Work request
Can you transcribe the data exactly? Leave the pictures out.
[Opening Source records section]
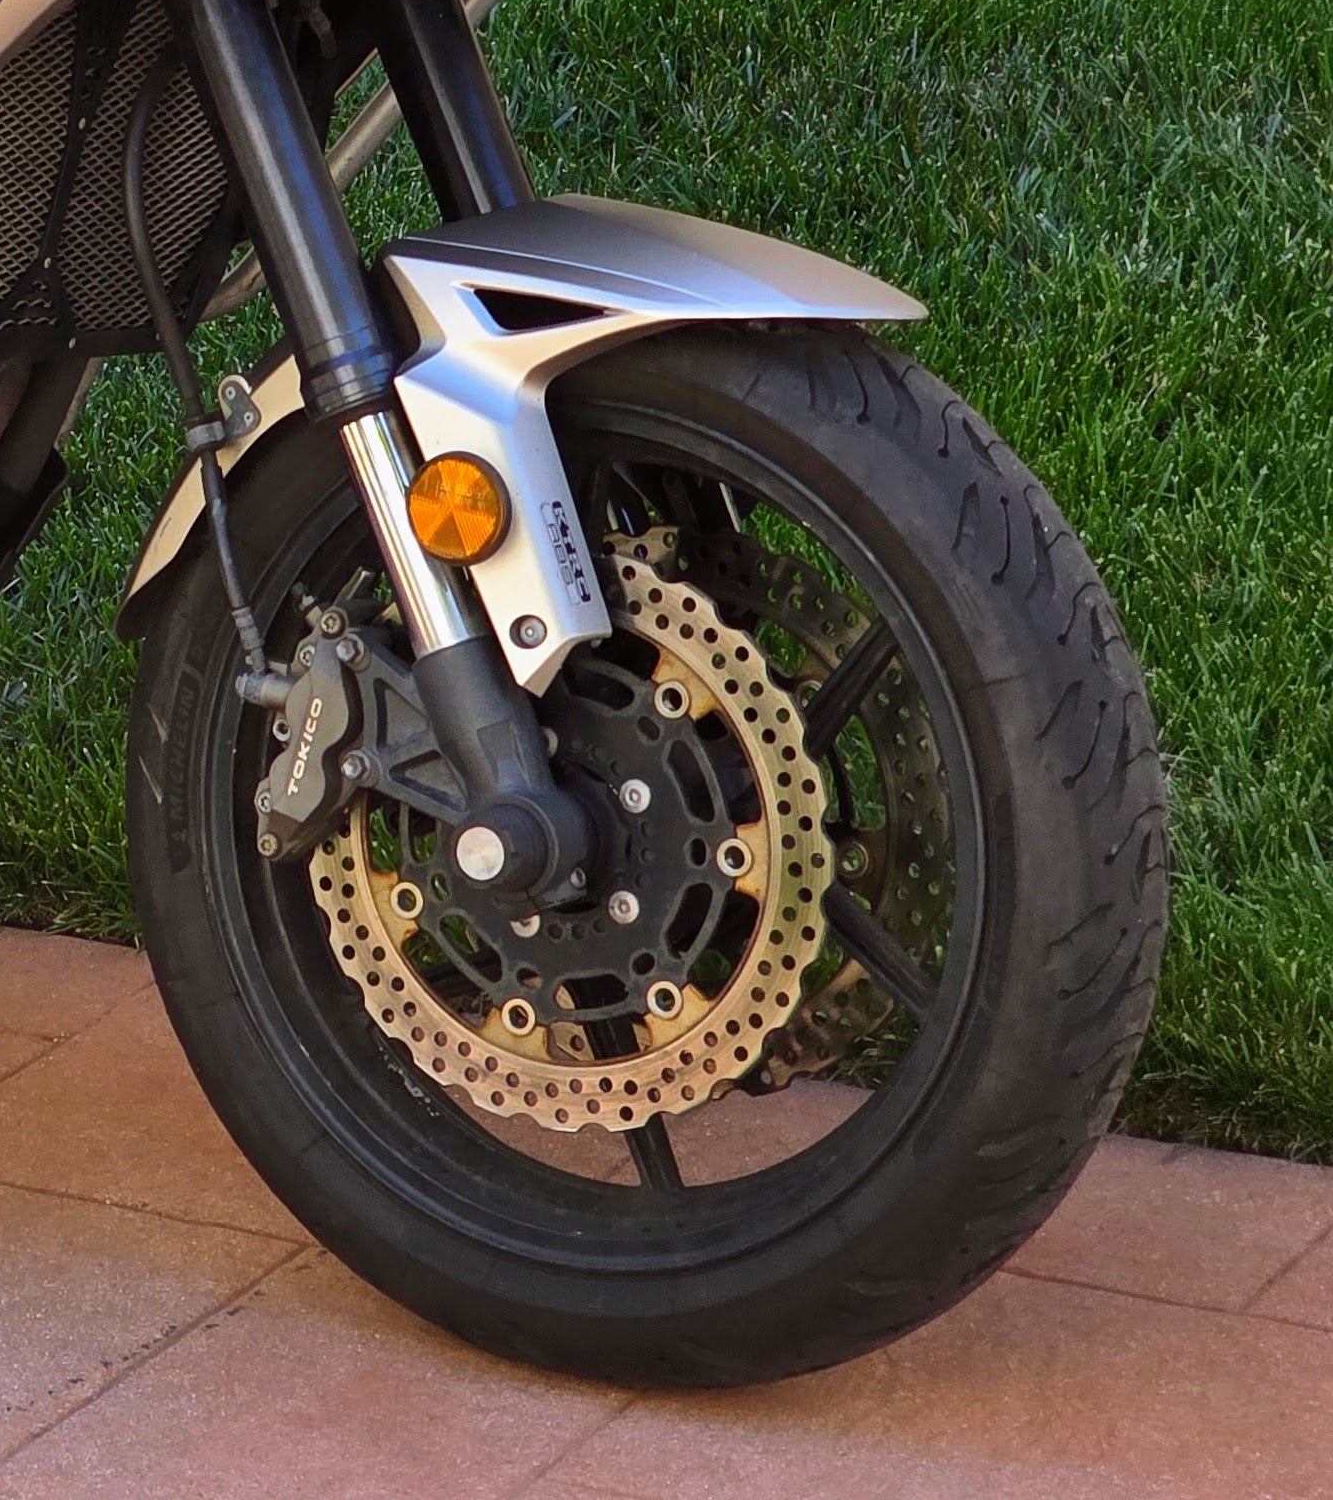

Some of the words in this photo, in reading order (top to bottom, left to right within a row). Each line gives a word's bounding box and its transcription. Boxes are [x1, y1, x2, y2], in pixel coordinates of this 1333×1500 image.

[546, 522, 574, 585] ABS
[169, 685, 195, 821] MICHELIN
[288, 698, 322, 796] TOKICO
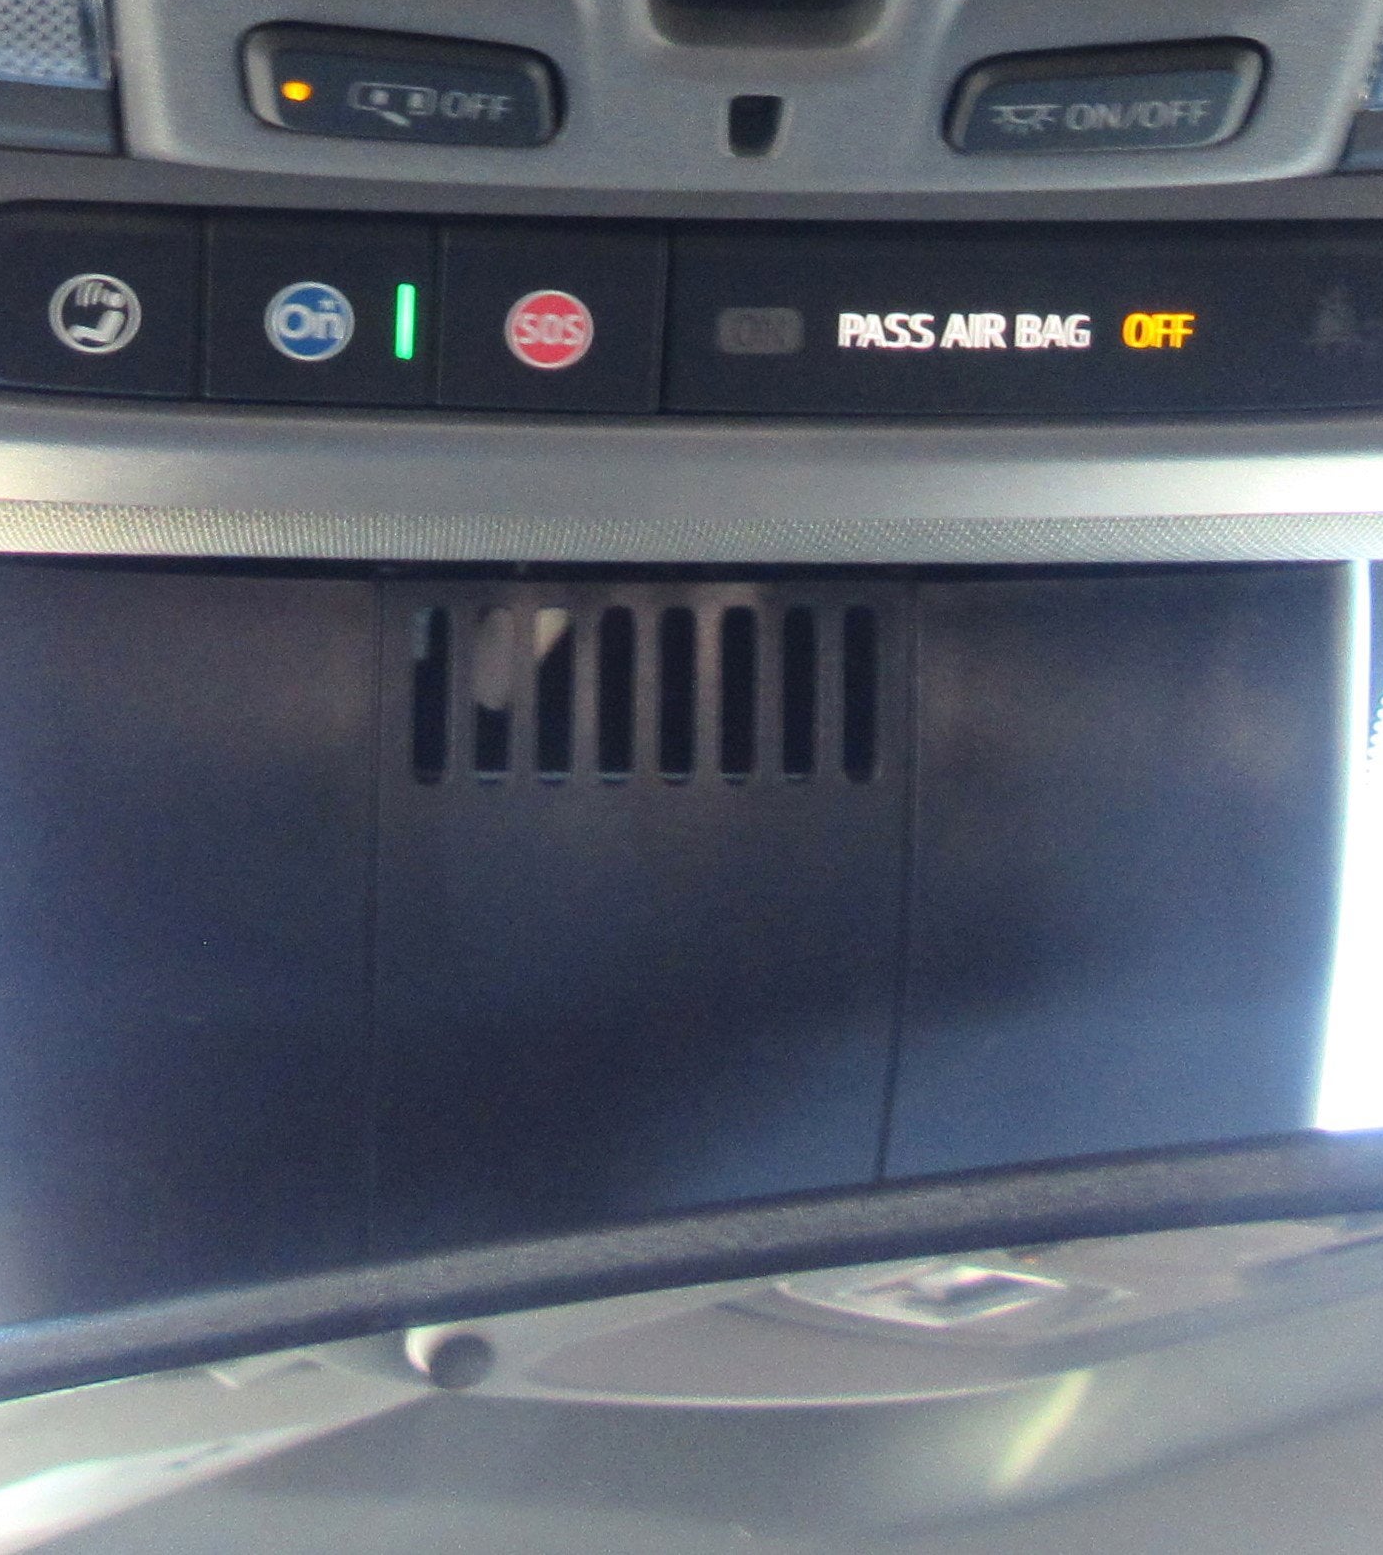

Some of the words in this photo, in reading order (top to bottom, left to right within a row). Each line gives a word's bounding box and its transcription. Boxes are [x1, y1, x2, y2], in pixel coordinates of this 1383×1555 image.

[441, 92, 515, 120] OFF
[1067, 99, 1211, 130] ON/OFF
[517, 312, 585, 346] SOS
[837, 312, 935, 349] PASS
[939, 312, 1008, 349] AIR
[1014, 312, 1092, 349] BAG
[1121, 312, 1196, 349] OFF
[Closing Source records section]
Task result
Some of the words in this photo, in reading order (top to bottom, left to right within a row). Each line gives a word's bounding box and its transcription. Boxes are [x1, y1, x2, y2], in pixel coordinates of this 1333×1500 image.

[546, 522, 574, 585] ABS
[169, 685, 195, 821] MICHELIN
[288, 698, 322, 796] TOKICO

Some of the words in this photo, in reading order (top to bottom, left to right within a row). Each line gives a word's bounding box and its transcription. Boxes are [x1, y1, x2, y2], in pixel coordinates of this 1383×1555 image.

[441, 92, 515, 120] OFF
[1067, 99, 1211, 130] ON/OFF
[517, 312, 585, 346] SOS
[837, 312, 935, 349] PASS
[939, 312, 1008, 349] AIR
[1014, 312, 1092, 349] BAG
[1121, 312, 1196, 349] OFF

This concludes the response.